A few other things that come to mind are:

  • Make subscribing to your blog easy. When I added a separate page for it, and made a menu item for it, that helped my subscriptions a good bit. I also put a little “subscribe” link at the bottom of each post, which probably helps a bit.
  • Don’t fill the sidebar with clutter. It is fine to put relevant material there, but too much seems to turn people off. I think a lot has to do with how well it is organized, though. If it is organized well, you can probably get away with showing more than I do (I am pretty conservative on what I show on the sidebar), but there is still a limit.
  • Use pictures for at least some posts, to sort of break the monotony of pure text. I personally get pictures from Dreamstime, but there are plenty resources you could use (including your own photos, perhaps).
  • Don’t get carried away with using blockquotes. I used two in this article, which is perhaps a bit much, but their content is very small relative to the total content of the page. The thing to watch for is that you not use them so much that your content begins to not look original. Readers and search engines look for original content. While it is appropriate to use blockquotes on occasion, overuse could become a problem.
  • Use a Related-Posts plugin. While the technology for such plugins is not perfect, and will often result in links that are not really related, such plugins generally give your readers links to additional articles that may be of interest to them. The snapshot below shows this being done for one of my recent articles:

Related Posts Plugin

(By the way, in this example, the plugin does not do a very good job of giving truly relevant links.)

Wrap-up

Well, that gives you a sampling of what I have learned along the way. I hope it is useful to fellow bloggers, and that it is not useless to non-bloggers … hopefully, there is at least one or two gems in here for everyone.

Note that I pretty well stayed away from some SEO-type suggestions. Frankly, I think some of them are a bit overrated. WordPress handles a lot of the SEO stuff for you. If you really need to do some tweaks, I suggest you pay real close attention to what Matt Cutts says, to what is said on SEOmoz, and to other credible resources. But, when all is said and done, I am still convinced, after learning the hard way, that the most important thing you do for your blog is to feed it with good, useful content on a regular basis.

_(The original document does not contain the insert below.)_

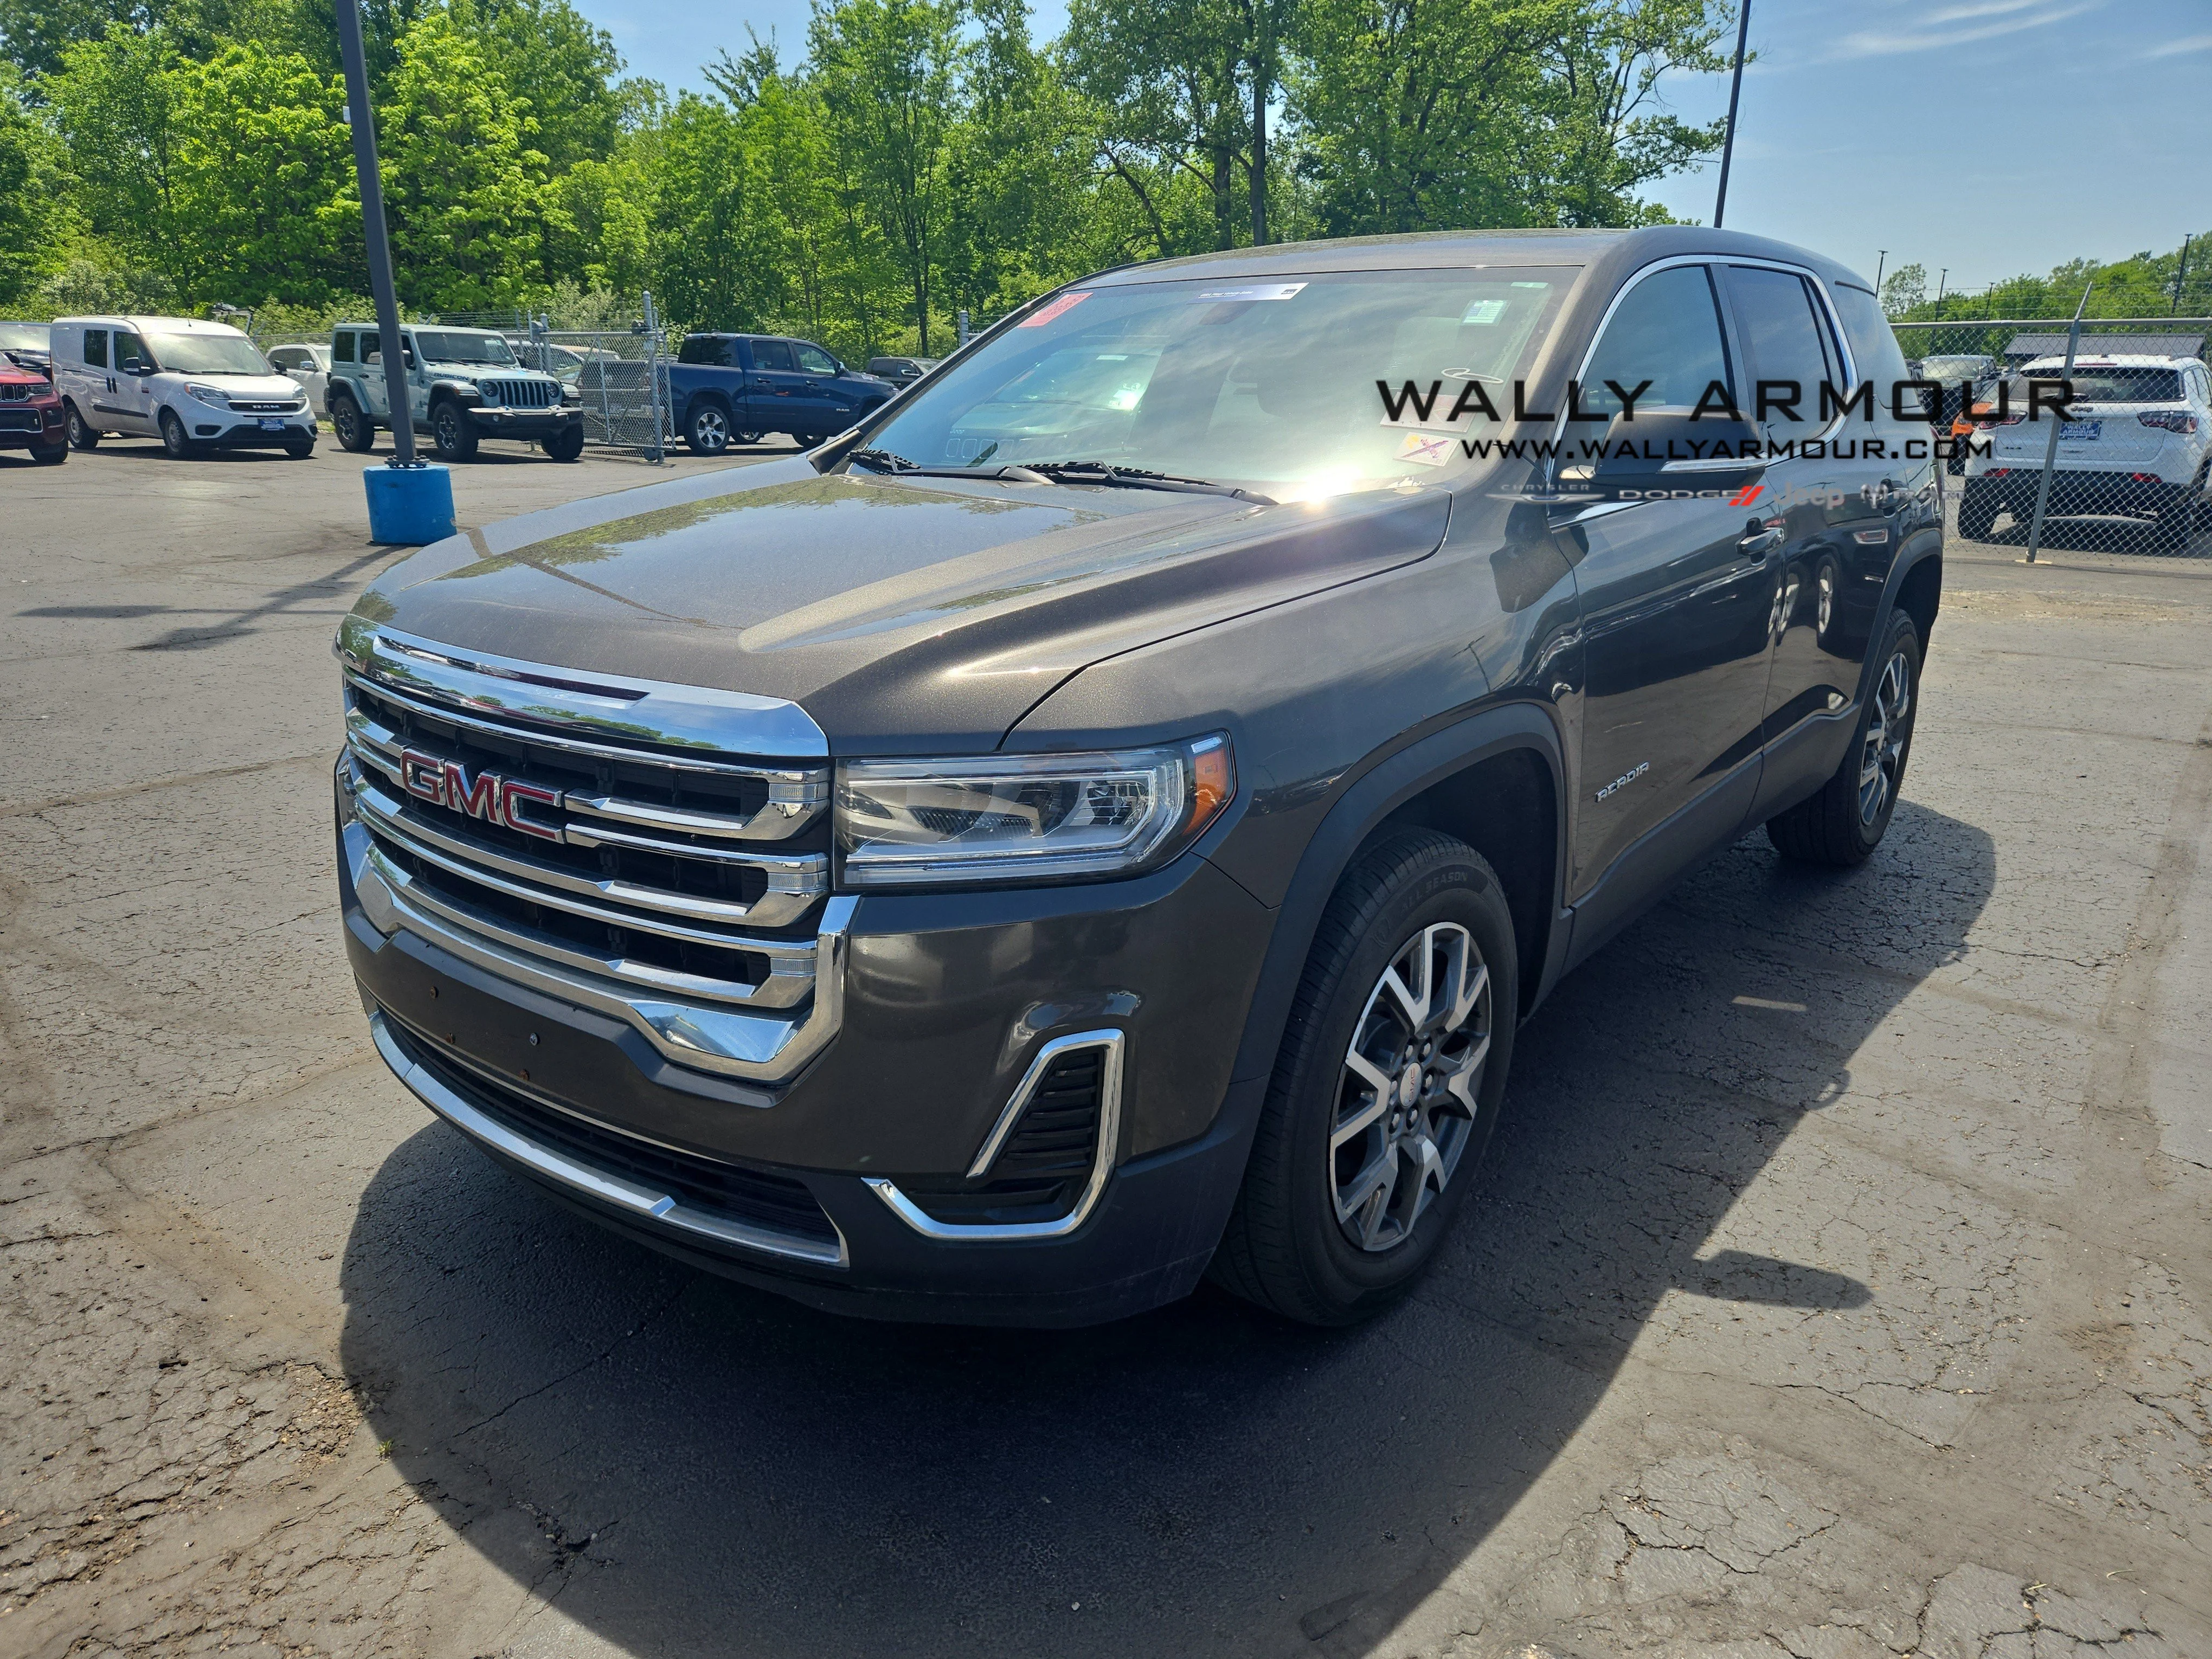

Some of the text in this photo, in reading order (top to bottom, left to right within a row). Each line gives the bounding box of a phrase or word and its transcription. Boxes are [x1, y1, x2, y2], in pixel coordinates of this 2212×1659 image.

[434, 372, 470, 380] RUBICON
[401, 748, 565, 844] GMC
[1596, 761, 1649, 802] ACADIA
[1425, 871, 1469, 891] SEASON

As I mentioned earlier, I’d very much like to hear from you on what you have learned in this area.

Finally, I am probably going to take a few days off. Why? Because I can. What’s the point of being retired if you don’t take time off, huh? :) Besides, I want to start forcing myself into a pattern of posting about three times a week. I think that is about the right pace for me, and I have been slipping back into more of a pattern of daily posting, sometimes a couple of times a day. I’d rather pace myself so I do a better job with content.

{ 4 comments… read them below or add one }

1 Jennifer 02.05.08 at 7:54 pm

How about write shorter posts? ;)

2 Bruce 02.05.08 at 7:58 pm

Ya got me on that one! :)

3 Sarah Lewis 02.06.08 at 8:31 am

This is a great summary, Bruce. I particularly liked your example about refining your post about syncing to be more useful to visitors. That’s something I need to do more of; really dig into the analytics and take action based on the clues I find.

4 Bruce 02.06.08 at 9:29 am

Sarah,

Thank you so much for taking the time to stop by and comment. It means a lot to me to hear you say this post is a good summary. I really appreciate the comment, very much.